Science seems to be monopolized by a few elite institutions and a handful of prestigious journals. Science coming from all other places including India is mediocre (At least that is the prevalent belief.).  What is the reason for this? In my diagnosis it is certainly not infrastructure, funding, talent or collegiality. The true causes are the religious beliefs about journal prestige and peer reviews. The belief that only publishing in big journals makes science big has no foundation. The idea is a belief that has never been challenged or tested with data. It is there only because of the laziness to read. Reading the journal name is a lot easier than reading the paper and by human nature scientists only do whatever is easy.

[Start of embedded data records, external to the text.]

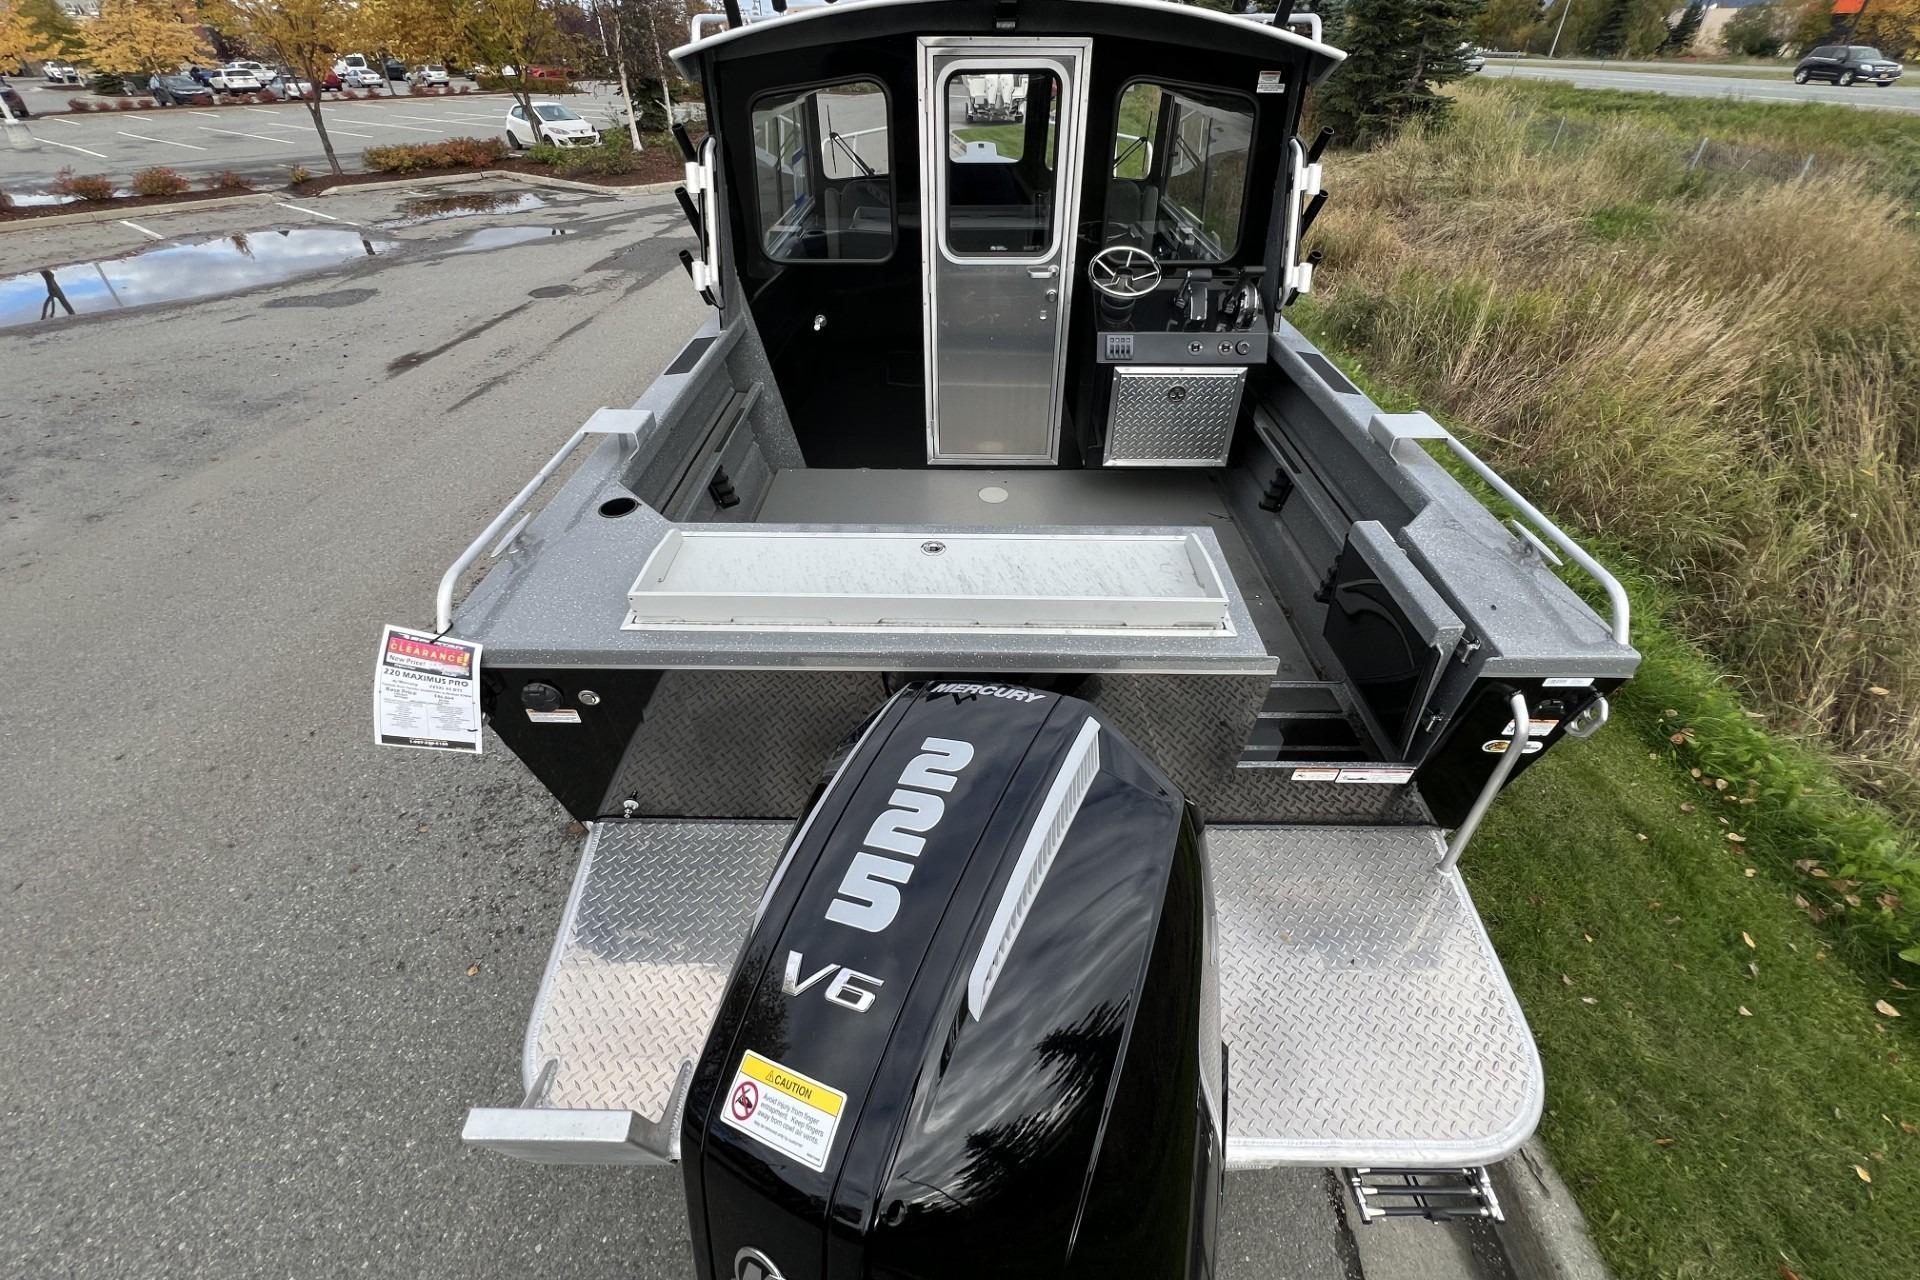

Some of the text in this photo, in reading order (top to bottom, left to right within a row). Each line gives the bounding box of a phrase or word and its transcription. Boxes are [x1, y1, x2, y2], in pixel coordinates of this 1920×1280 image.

[389, 654, 405, 663] New
[390, 642, 470, 667] CLEARANCE!
[383, 668, 400, 676] 220
[402, 672, 446, 685] MAXIMUS
[448, 679, 469, 688] PRO
[930, 683, 1047, 703] MERCURY
[824, 736, 975, 933] 225
[781, 949, 885, 1013] V6
[774, 1074, 813, 1100] CAUTION
[757, 1110, 771, 1122] away
[771, 1115, 783, 1127] from
[763, 1092, 820, 1126] Avoid injury from finger
[790, 1116, 805, 1129] Keep
[805, 1122, 824, 1138] fingers

The second belief, on the other hand, has been tested with data. The hypothesis that prestigious journals have more rigorous peer review system and they publish papers based on their quality has been tested with experiments and data and found absolutely wrong. Papers are accepted not by its content but by the prior reputation of authors and their institutions. This is very much evident by well-designed studies and analysis of editorial data. The behavioural origins of biases have also been made clear. So there is substantial literature on how much, how and why peer reviews are biased. But so far there was no consideration of the consequences of peer review bias. This I started doing in the form of a simulation model in this paper.

The logic is simple. Research funding, researcher’s motivation and publication output work in a positive feed back vicious cycle. Because of the auto-catalytic nature of the process a small peer review bias can result into a large difference in the output. And in reality, the peer review bias is not small by any standard. For the same manuscript, the odds of acceptance from a reputed location are over 6 times that of obscure authors. The difference between acceptance rates across countries is of the same order. Science published its editorial data analysis that shows a huge difference between acceptance rates of US versus China. India is not even considered in the analysis. As expected, much of the country based rejection is without reading and reviewing the content. They have admitted this difference and haven’t ruled out editorial bias as the main cause. They failed to reply to any cross question as well.

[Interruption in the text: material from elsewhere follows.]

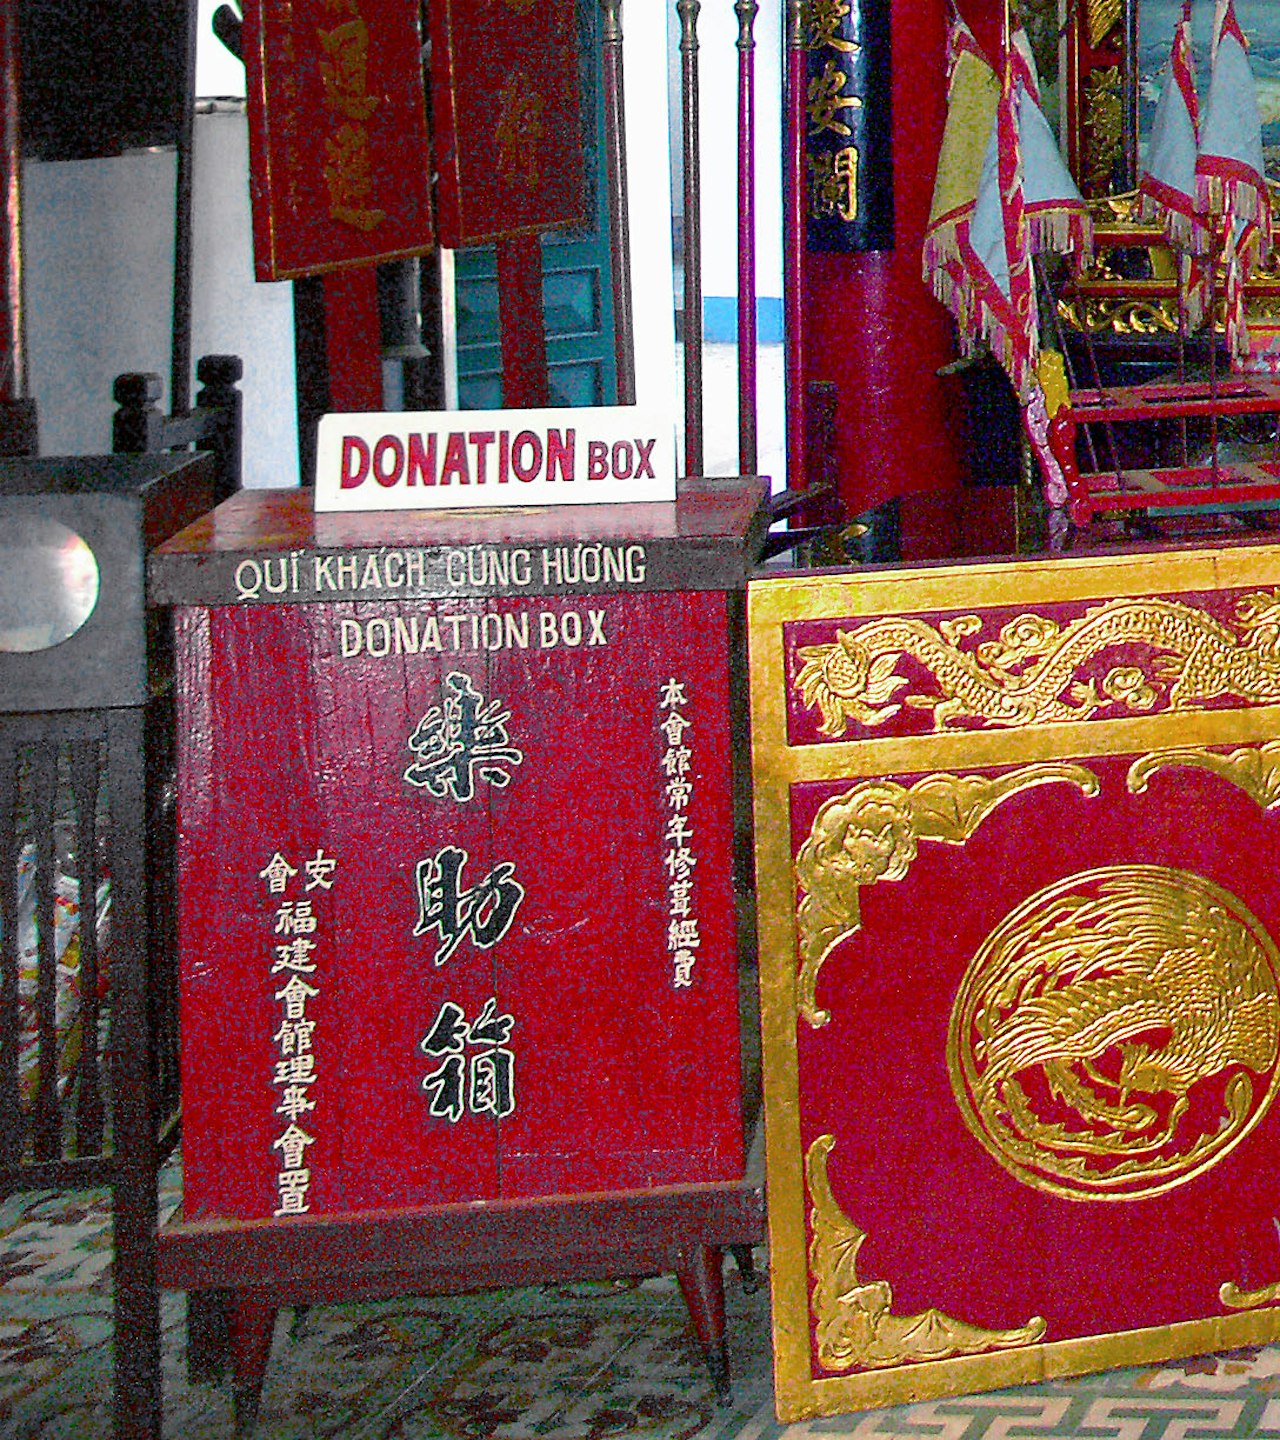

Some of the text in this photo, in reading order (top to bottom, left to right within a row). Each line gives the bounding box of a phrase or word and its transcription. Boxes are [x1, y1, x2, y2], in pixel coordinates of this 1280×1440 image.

[340, 428, 657, 490] DONATION BOX
[314, 546, 426, 593] KHÁCH
[340, 608, 609, 660] DONATION BOX
[404, 670, 525, 1122] 樂助箱

When a paper gets rejected, much time and efforts are needed to revise and resubmit, there are increased chances of it getting scooped during this time. Failure to publish affects further funding and thereby the downstream productivity. In simulations a small bias (10 %) in peer review resulted into one or two orders of magnitude difference in productivity even when no difference in research caliber was assumed. More important than that, the difference was escalated by increased competition. This is the reason why the problem is more intense in today’s highly competitive academia.

But more important is the second model of the paper which is about optimizing novelty. The model highlights the logical possibility that there an optimum level of novelty of research ideas which brings maximum success. Because of asymmetry in peer reviews the optimum for the elite and non-elite institutions can be widely different. In an obscure location, researchers doing mediocre work are more likely to be successful than researchers having out of the box, even revolutionary ideas. This is the most important behavioural reason why science coming from such places is mediocre. There may be and there is extraordinary talent in any and every part of the world. But extraordinary science is most unlikely to get published from obscure places. Talent gets discouraged very soon and by the innate tendency of the human mind to optimize, starts thinking mediocre, because that gives greater returns.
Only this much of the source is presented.